Centrifugal tumblers are the most difficult to automate because of their design. Some improvements have developed over the years, but these are usually elaborate media handling systems with independent separating screens and overhead conveyors, bucket elevators, elevated hoppers, and other paraphernalia designed to make the operator’s job less strenuous, and usually more complicated. Centrifugal tumblers are the fastest of the mass finishing processes, and have earned themselves a niche when severe radii or stock removal are required. They also are excellent burnishing machines. The high speed of these machines often makes up for their labor intensity.
Vibratory finishing is the most popular choice of these processes. Much of its success is attributed to ease of automation. In the case of the round machines, the advent of internal separation of parts and media significantly raised the standard for manufacturing convenience.
Centrifugal disc finishing is moving into second place as the specified mass finishing method for new installations. Its speed offsets some of the disadvantages of being limited to batch operations, although creative handling system designs are making the process increasingly acceptable. The higher operating costs continue to discourage some prospective users.
How do you know which process is best suited for your application? First, become familiar with the basics of each approach. Here is a very brief description of each:
Tumbling Barrels. These are either open or closed work chambers. Media, water, compound, and parts are the usual ingredients. They provide a rolling and tumbling action of the workload. The speed of rotation is regulated to give peripheral velocities ranging from 12 –40 ft/min. Lower speeds are for polishing, and higher speeds are for more aggressive deburring and edge breaking. The action on the parts is restricted to areas that are easily contacted in the linear direction of the media, or part-to-part action. This restricts it to exterior surfaces and edges. Because parts fall on one another, there is more denting of the surfaces than with other processes. Tumbler sizes range from tabletop machines with less than a quart capacity, to very large machines that process more than 1,000 lb of parts in a single load.
Continuous design tumblers process large volumes of parts with in-line production. Also, automated batch tumblers offer longer time cycles for large batches of parts. Most tumbling barrels are capable of operating with, or without, media.
Tumbling equipment is also well suited to dry tumbling for deburring and cob drying. Tumblers can be equipped for cryogenic deflashing of rubber parts, usually using dry ice as media.
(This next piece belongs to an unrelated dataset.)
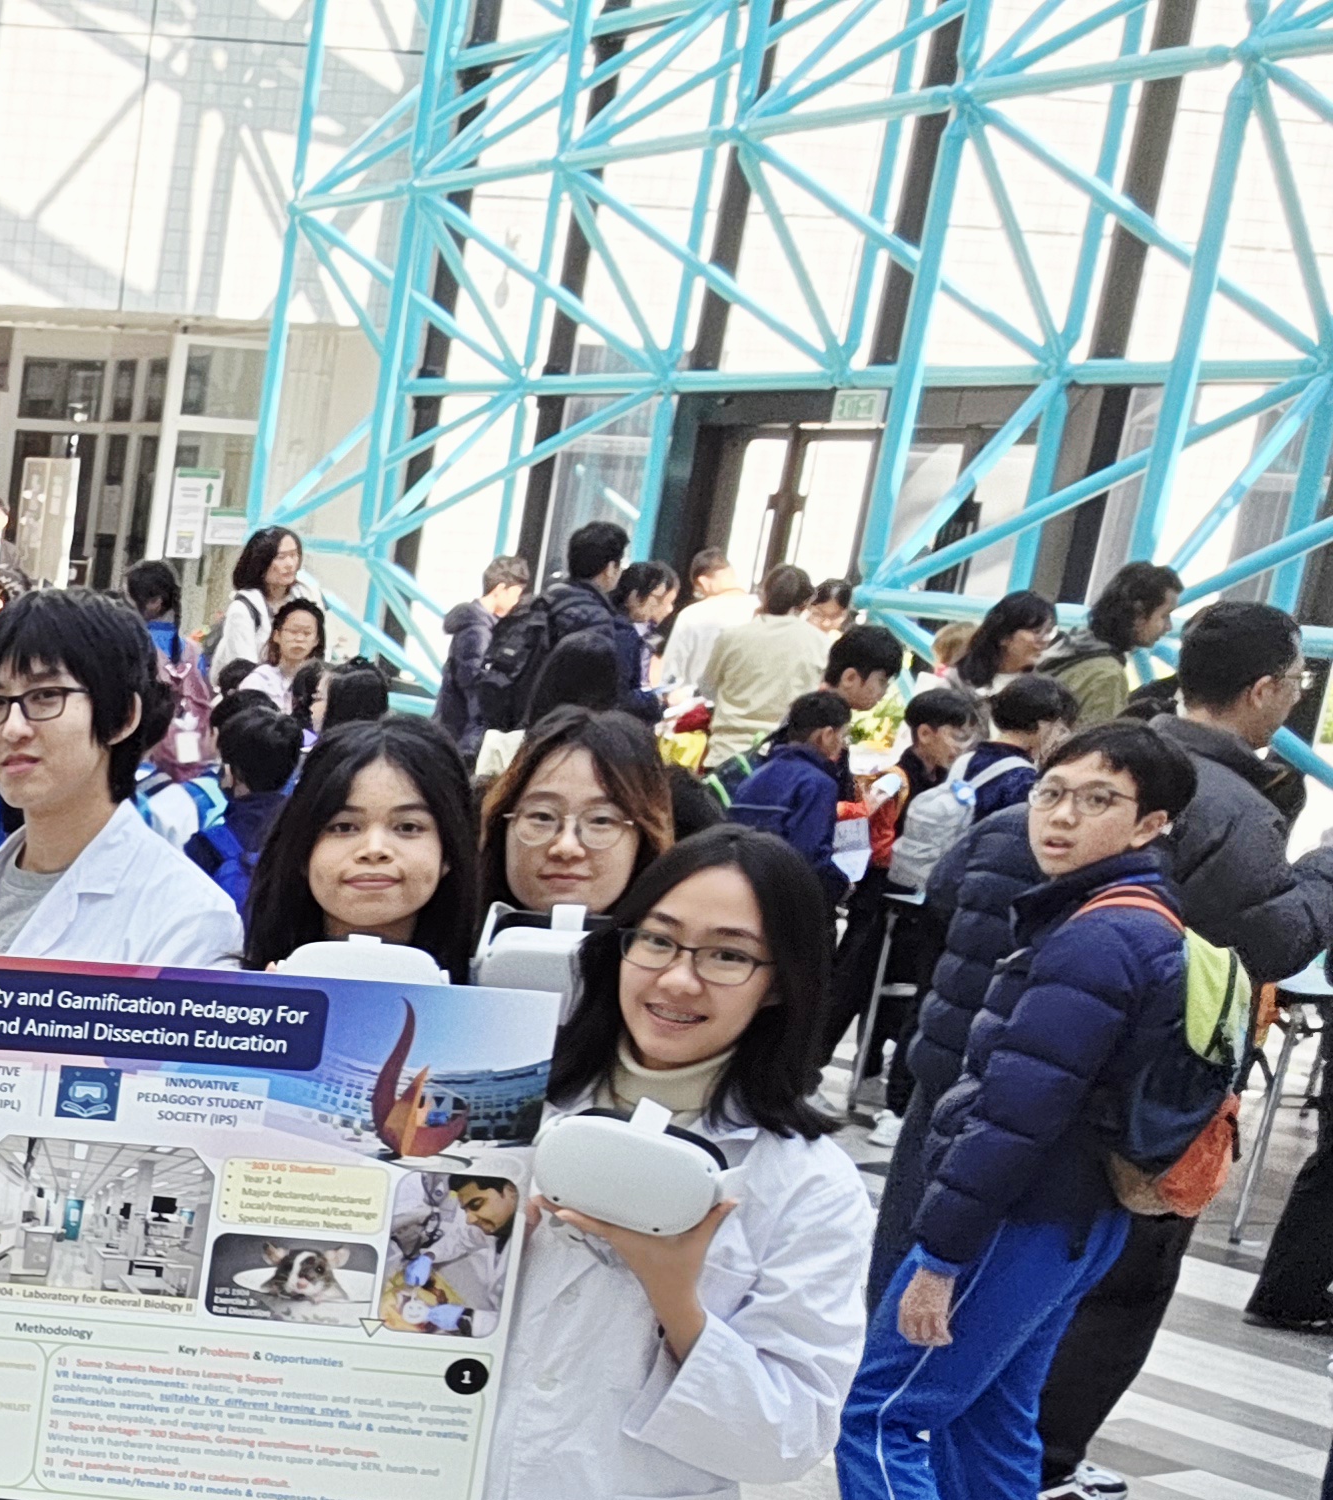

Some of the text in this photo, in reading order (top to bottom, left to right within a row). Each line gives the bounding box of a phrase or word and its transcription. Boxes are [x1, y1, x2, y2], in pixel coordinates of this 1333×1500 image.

Centrifugal Tumblers. These remind you of a Ferris wheel because small baskets are mounted on the periphery of a large revolving wheel. The wheel turns fast, developing high centrifugal forces in the baskets. The small baskets rotate in the opposite direction to the large wheel, causing their contents to rub together under very high pressure. In most machines, the large wheel rotates vertically; less popular horizontal models are also available. The force of the pressure is 15 to 20 times the force of gravity. This gives finishing similar to that of a conventional tumbler, only very much faster. Another advantage is that finishes can be very smooth because of the high compressive loads applied to the surface. Some handling systems are offered to facilitate loading and unloading of the individual baskets. This is, however, a batch operation.
Vibratory Finishing. The basics are a work chamber containing workpieces, media, and compound solution. The media and/or solution are eliminated in some cases. The chamber is vibrated in the range of 900 to 3600 vibrations/min, with an amplitude ranging from one or two millimeters to as much as ten or fifteen millimeters. Generally, the amplitude and frequency are used in inverse proportions, higher frequency machines having lower amplitudes. The action of the ingredients results in deburring, edge breaking, and polishing as the workpieces and/or media interact. One advantage over the other three processes is that concave and interior surfaces are subjected to some action. A major advantage is that handling of parts and other ingredients is easily automated.
The parts can be handled in batches, or continuously fed into through-feed machines. Toroidal (round) machines are available with internal unloading devices that operate manually, or automatically.
Tub style machines can handle very large parts. The largest tub style machine built to date has 425 cu ft capacity, and is vibrated by ten eccentric shafts, five on each side and powered by a single 60 HP motor.
The original, continuous, through-feed vibrators are long troughs, or tubes, with parts and media rolling repeatedly as they travel the straight length of the tub. The parts and media are separated at the discharge end, and media is conveyed back to the beginning. These single, in-line, through feed machines are very popular. An alternative to in-line designs is available in the round machines that can process the parts in a single pass. These systems have fewer components because separation occurs internally and the media never leaves the process bowl. They have a lower power requirement and lower maintenance. Each style should be considered when short (under 30 min) time cycles suffice.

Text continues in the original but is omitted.